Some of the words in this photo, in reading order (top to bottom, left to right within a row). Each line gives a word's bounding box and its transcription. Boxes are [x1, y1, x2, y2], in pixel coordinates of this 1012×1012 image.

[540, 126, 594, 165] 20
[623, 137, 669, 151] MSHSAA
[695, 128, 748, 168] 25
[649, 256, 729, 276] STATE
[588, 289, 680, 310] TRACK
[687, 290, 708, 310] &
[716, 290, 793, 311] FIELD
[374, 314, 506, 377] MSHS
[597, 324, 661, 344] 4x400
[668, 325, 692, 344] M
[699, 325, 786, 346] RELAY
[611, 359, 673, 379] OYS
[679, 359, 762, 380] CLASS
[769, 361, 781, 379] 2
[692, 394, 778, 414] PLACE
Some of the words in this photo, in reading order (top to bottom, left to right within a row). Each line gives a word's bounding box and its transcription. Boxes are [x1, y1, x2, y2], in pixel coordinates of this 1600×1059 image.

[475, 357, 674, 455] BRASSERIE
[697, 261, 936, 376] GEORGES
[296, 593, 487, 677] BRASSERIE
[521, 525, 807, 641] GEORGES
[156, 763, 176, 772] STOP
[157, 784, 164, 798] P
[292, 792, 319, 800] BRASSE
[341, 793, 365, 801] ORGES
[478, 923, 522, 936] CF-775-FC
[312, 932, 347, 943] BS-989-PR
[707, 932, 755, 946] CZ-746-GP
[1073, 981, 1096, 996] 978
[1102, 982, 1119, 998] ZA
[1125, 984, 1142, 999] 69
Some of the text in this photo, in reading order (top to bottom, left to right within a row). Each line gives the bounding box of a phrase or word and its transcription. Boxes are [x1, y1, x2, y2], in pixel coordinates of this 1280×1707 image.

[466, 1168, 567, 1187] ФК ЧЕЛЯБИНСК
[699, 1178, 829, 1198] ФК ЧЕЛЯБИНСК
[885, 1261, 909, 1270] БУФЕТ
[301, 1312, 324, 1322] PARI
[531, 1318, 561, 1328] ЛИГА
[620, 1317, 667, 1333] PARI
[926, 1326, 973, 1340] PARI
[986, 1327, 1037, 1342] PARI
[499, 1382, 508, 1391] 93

• _What you have to do_:
Your answer must be the lines from the one that contains "Some of the text" through the last line of the entries above, copied exactly, with no other lines.

• _Answer to this task_:
Some of the text in this photo, in reading order (top to bottom, left to right within a row). Each line gives the bounding box of a phrase or word and its transcription. Boxes are [x1, y1, x2, y2], in pixel coordinates of this 1280×1707 image.

[466, 1168, 567, 1187] ФК ЧЕЛЯБИНСК
[699, 1178, 829, 1198] ФК ЧЕЛЯБИНСК
[885, 1261, 909, 1270] БУФЕТ
[301, 1312, 324, 1322] PARI
[531, 1318, 561, 1328] ЛИГА
[620, 1317, 667, 1333] PARI
[926, 1326, 973, 1340] PARI
[986, 1327, 1037, 1342] PARI
[499, 1382, 508, 1391] 93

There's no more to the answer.